Incidence of Cerebral Cavernous Malformation-Related Epilepsy in Children: A Single Center Survey

Masahiro Narita; Yosuke Miyairi; Mitsuo Motobayashi; Akihiro Chiba; Yuji Inaba

doi:10.7759/cureus.38178

Incidence of Cerebral Cavernous Malformation-Related Epilepsy in Children: A Single Center Survey

Cureus. 2023 Apr 26;15(4):e38178. doi: 10.7759/cureus.38178. eCollection 2023 Apr.

Authors

Masahiro Narita¹, Yosuke Miyairi², Mitsuo Motobayashi¹, Akihiro Chiba², Yuji Inaba¹

Affiliations

¹ Pediatric Neurology, Nagano Children's Hospital, Azumino, JPN.
² Neurosurgery, Nagano Children's Hospital, Azumino, JPN.

Abstract

Cerebral cavernous malformations (CCMs) are rare developmental cerebrovascular malformations. The risk of epilepsy is high in patients with CCMs, but the incidence of epilepsy has not been reported in a pure pediatric population. We herein present 14 pediatric cases of CCMs, including five with CCM-related epilepsy, and examine the incidence of CCM-related epilepsy in this pediatric population. Methods: Pediatric patients with CCMs who visited our Hospital between November 1, 2001, to September 31, 2020, were retrospectively screened for inclusion, and 14 were enrolled. Results: Fourteen enrolled patients were divided into two groups based on the presence or absence of CCM-related epilepsy. The "CCM-related epilepsy group" (n = 5) consisted of five males with a median age of 4.2 (range: 0.3-8.5) years at the first visit. The "non-epilepsy group" (n = 9) consisted of seven males and two females with a median age of 3.5 (range: 1.3-11.5) years at the first visit. The prevalence of CCM-related epilepsy at the time of the present analysis was 35.7%. Follow-up periods in CCM-related epilepsy and non-epilepsy groups were 19.3 and 24.9 patient-years, respectively: the incidence was 11.3% per patient-years. The frequency of seizures due to intra-CCM hemorrhage as the primary symptom was significantly higher in the CCM-related epilepsy group than in the non-CCM-related epilepsy group (p = 0.01).

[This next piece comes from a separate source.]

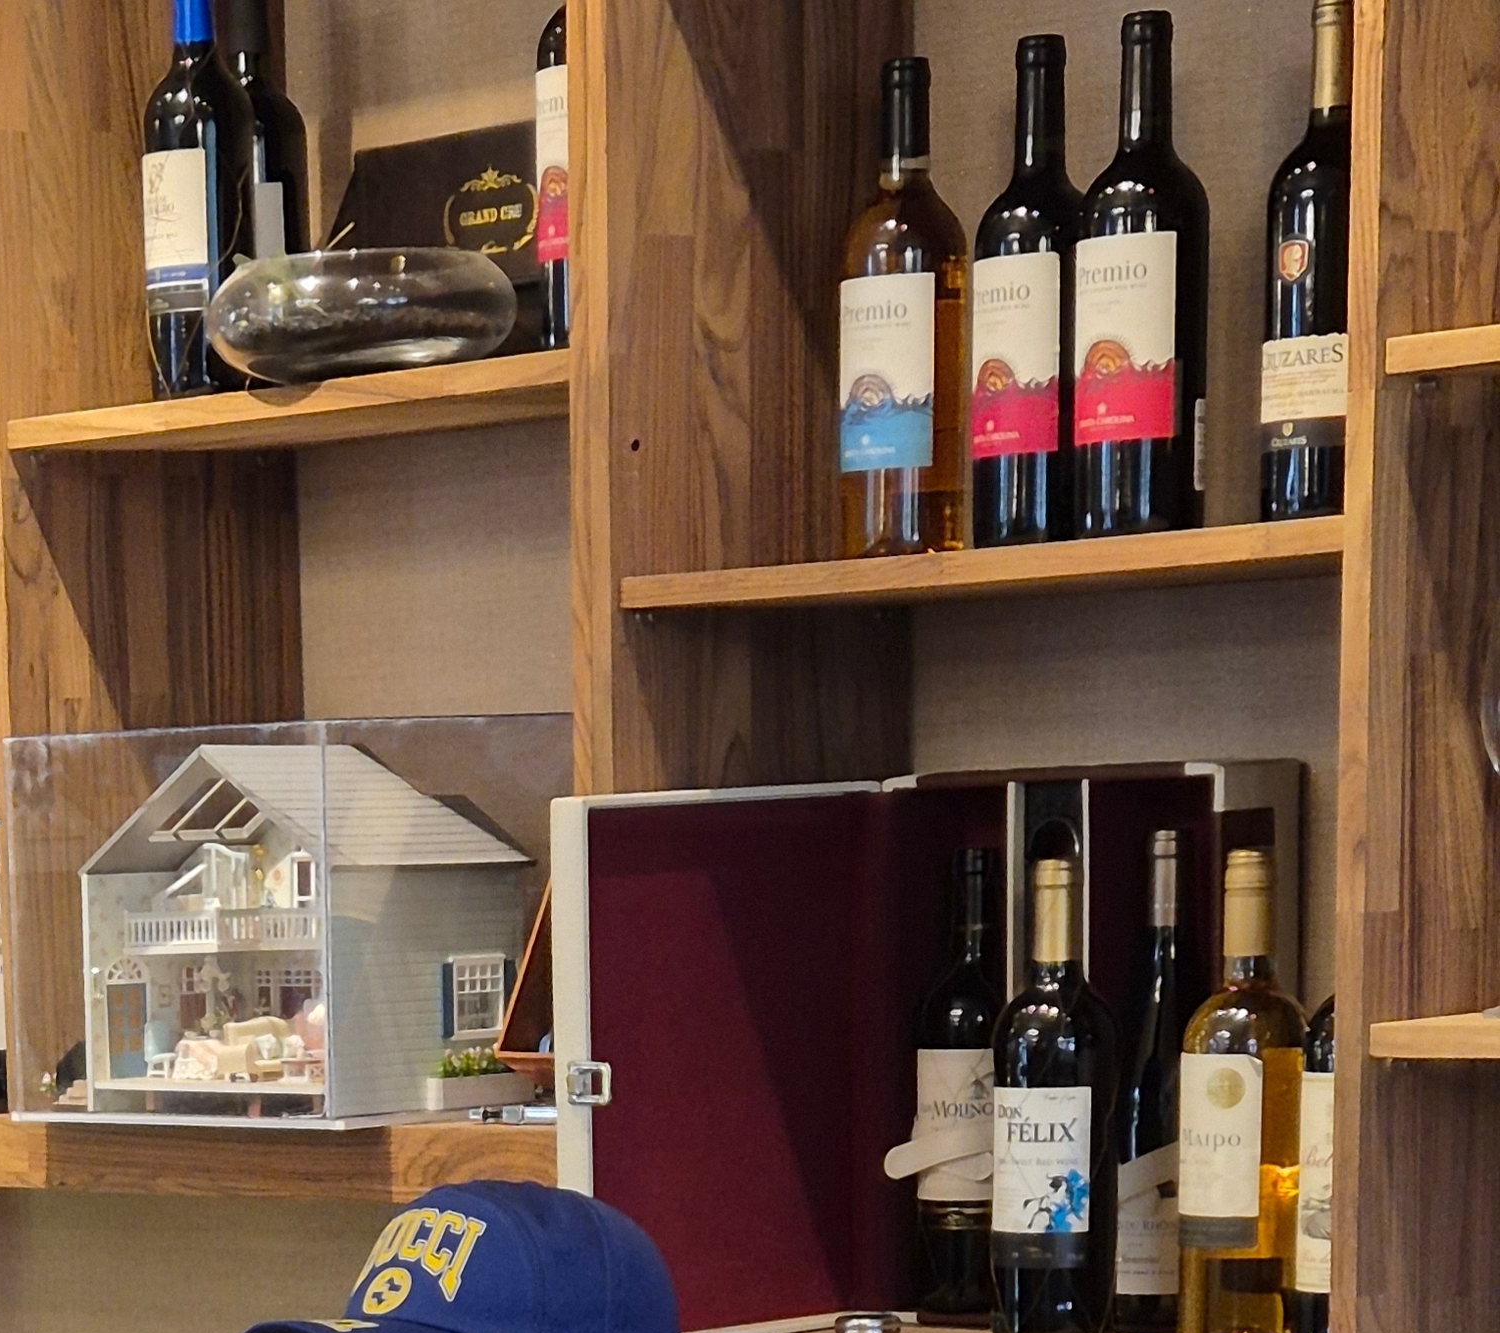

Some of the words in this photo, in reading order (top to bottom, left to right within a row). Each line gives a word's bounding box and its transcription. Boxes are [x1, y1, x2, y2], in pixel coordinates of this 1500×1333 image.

Other clinical characteristics, i.e., primary symptoms including vomiting/nausea and spastic paralysis, magnetic resonance imaging findings, including the number or maximum diameter of CCMs, cortical involvement, intra-CCM hemorrhage, and infratentorial lesions, surgical resection, and non-epileptic sequelae, such as motor disability and intellectual disability, did not significantly differ between the groups. Discussion: The incidence of CCM-related epilepsy in the present study was 11.3% per patient year, higher than in adults. This discrepancy may be attributed to these studies including both adult and pediatric patients, whereas the present study examined a pure pediatric population. The presence of seizures due to intra-CCM hemorrhage as the initial symptom was a risk factor for CCM-related epilepsy in the present study. To elucidate the pathophysiology of CCM-related epilepsy or the reason for its higher incidence in children than in adults, further analyses of a large number of children with CCM-related epilepsy are warranted.

Keywords: cavernous malformation; cavernous malformation-related epilepsy; children; epilepsy; incidence.